A Fire Story

Image of A Fire Story
Author(s): 
Release Date: 
March 5, 2019
Publisher/Imprint: 
Abrams ComicArts
Pages: 
160
Reviewed by: 

“Masterly, vivid, dramatic. . . This is beautiful writing, visceral and deep.”

Brian Fies started a webcomic in the raw days right after his home burned down in the massive 2017 Santa Rosa fire. Right from the opening page—“On Monday, my house disappeared.”—we're drawn into the immediate emergency, the orange glow coming closer, the menacing waves of heat. That comic went viral, was made into an Emmy-winning short, and is the basis for this masterly graphic memoir.

Fies uses vivid language and dramatic art to put us inside his shoes. We're walking with him past the roadblocks, back to his house as he hopes to find it still standing. “The sun was a dim orange disk behind a salmon-gray curtain of smoke. I inhaled my neighbors' lives.” The sense of loss is palpable, a kick in the gut.

After walking through a surreally intact neighborhood, Fies rounds a curve and sees a scene out of Armageddon. He captures the details of the destruction: “The steel posts of mailboxes, twisted and stretched like hot summer taffy.” And then the big picture: “A two-story house full of our lives was a two-foot heap of dead, smoking ash.”

This is beautiful writing, visceral and deep. The deceptively simple drawings make the horror accessible and clear. The way the story unrolls, from fleeing danger to recognizing the depth of the loss, is dramatic and natural at the same time. After a page listing all the things his family would never see again (the sentimental, the irreplaceable, the valuable), Fies goes shopping: “It's unnerving to need both everything and nothing.” That one sentence sums up his new reality.

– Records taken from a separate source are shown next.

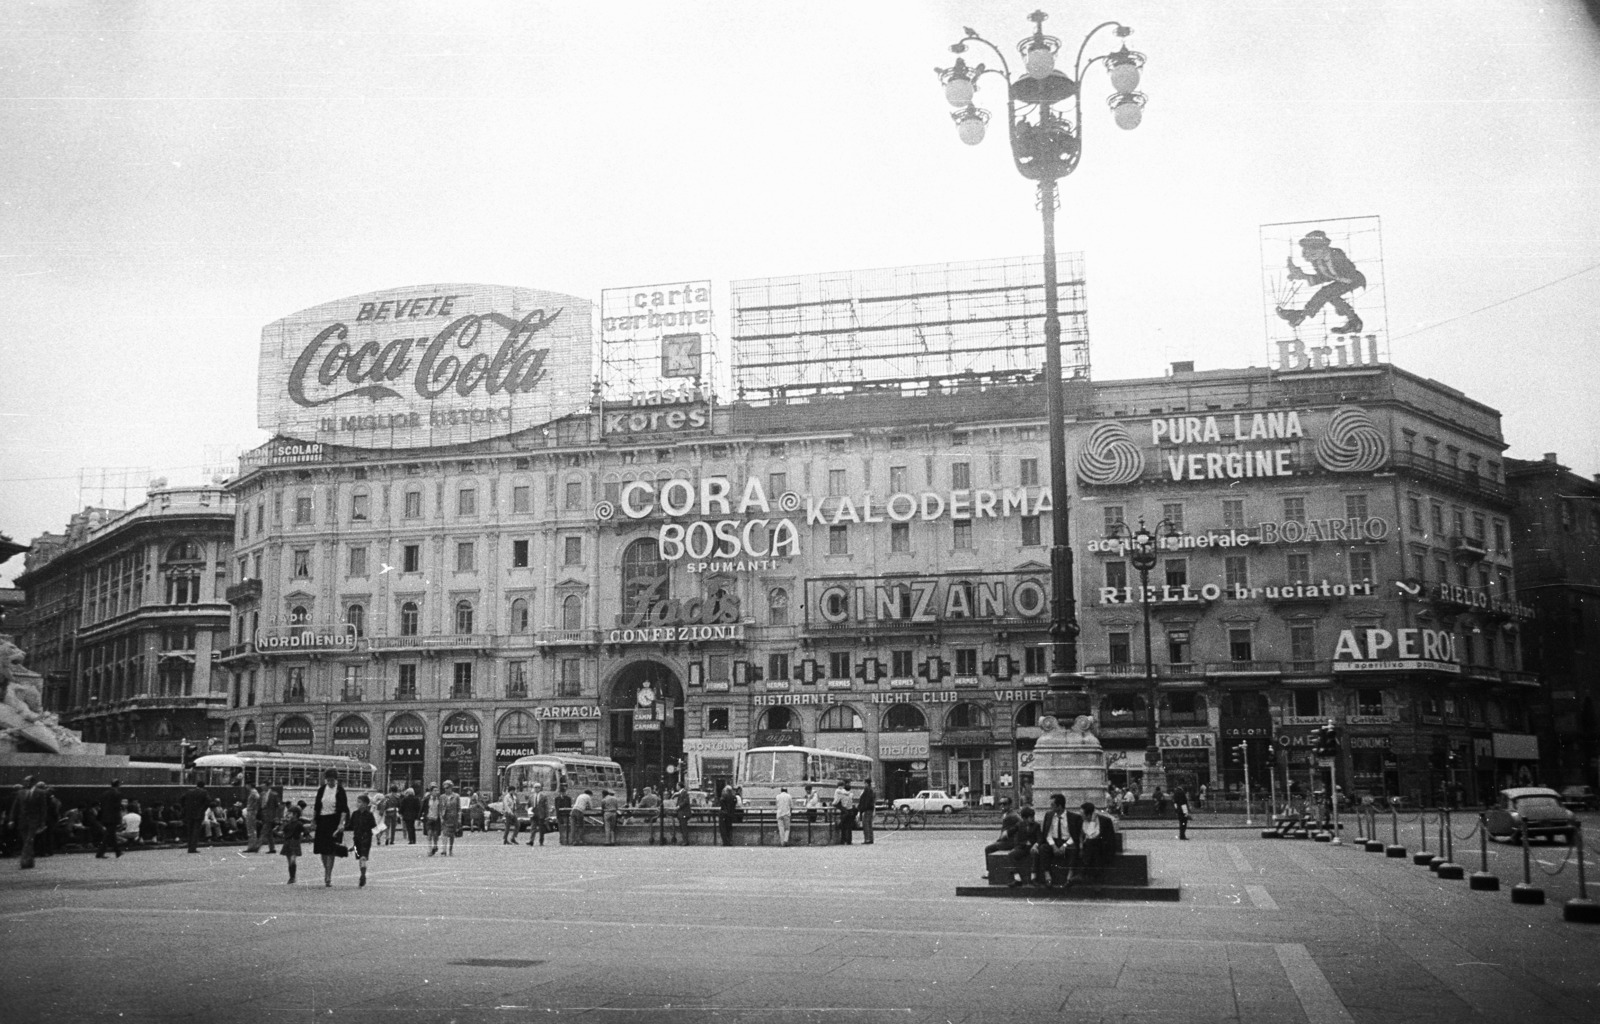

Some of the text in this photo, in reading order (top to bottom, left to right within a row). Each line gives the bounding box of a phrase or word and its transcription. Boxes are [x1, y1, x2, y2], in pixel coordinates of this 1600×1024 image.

[356, 295, 458, 322] BEVETE
[634, 284, 709, 309] carta
[603, 309, 709, 332] carbone
[288, 307, 563, 408] Coca-Cola
[668, 342, 696, 371] K
[1276, 334, 1378, 372] Brill
[632, 382, 710, 407] nastri
[341, 411, 420, 432] MIGLIOR
[430, 407, 512, 427] RISTORO
[1151, 410, 1304, 445] PURA LANA
[278, 444, 323, 456] SCOLARI
[1167, 449, 1294, 481] VERGINE
[620, 476, 771, 518] CORA
[807, 486, 1053, 525] KALODERMA
[658, 518, 801, 561] BOSCA
[1258, 517, 1388, 544] BOARIO
[686, 560, 777, 573] SPUMANTI
[819, 578, 1046, 623] CINZANO
[1098, 577, 1373, 605] RIELLO bruciatori
[1441, 583, 1487, 608] RIELLO
[610, 626, 737, 644] CONFEZIONI
[1333, 628, 1461, 663] APEROL
[754, 693, 835, 706] RISTORANTE
[871, 692, 912, 704] NIGHT
[922, 691, 958, 703] CLUB
[535, 706, 602, 718] FARMACIA
[444, 724, 479, 733] PITASSI
[1158, 734, 1213, 749] Kodak
[496, 748, 535, 757] FARMACIA

Just the story of the fire and its aftermath would make for a stunning book, but Fies adds layers of depth to the memoir by including other people's stories. We read about a range of people who fled the fire and lost everything, how they reacted, how they coped. Fies also provides comparisons to make it easier to grasp the extent of the disaster, which easily becomes abstract.

As he writes, “All in all, the fire-storms claimed about 350 square miles. . . it's a big number that by itself means nothing.” So he provides imagery to make that number significant: “It's about fifteen Manhattans, seven-and-a-half San Franciscos. One-and-a-half Chicagos. One-third of Rhode Island.” Those are scales we can understand. “Perspective,” Fies adds, “It's the comfort and horror of realizing you're not alone.”

There is no glossing over the devastation, both physical and emotional. And here again, Fies digs deeper than conventional disaster stories. He doesn't present the pretty Hollywood picture of “we survived and are better people now.” Instead, he honestly shows himself trying to recapture normality by going to the park and eating lunch as he used to do. But seeing the happy people strolling by doesn't soothe him. Instead, “it was awful.” “Halfway through my lunch I realized I didn't want to feel normal. I couldn't even imagine what “normal” would feel like. What I really wanted was for everyone else to be miserable.”

Honest throughout, Fies ends the book recognizing that people want an inspirational message. “But I have no uplift to give, and anyone who says 'closure' around me may get a punch in the nose.” Still the book is hopeful, closing on an image of daffodils sprouting in the gray earth. His home may be no more than a patch of dirt, but it's his patch, and we know he'll make the most of it.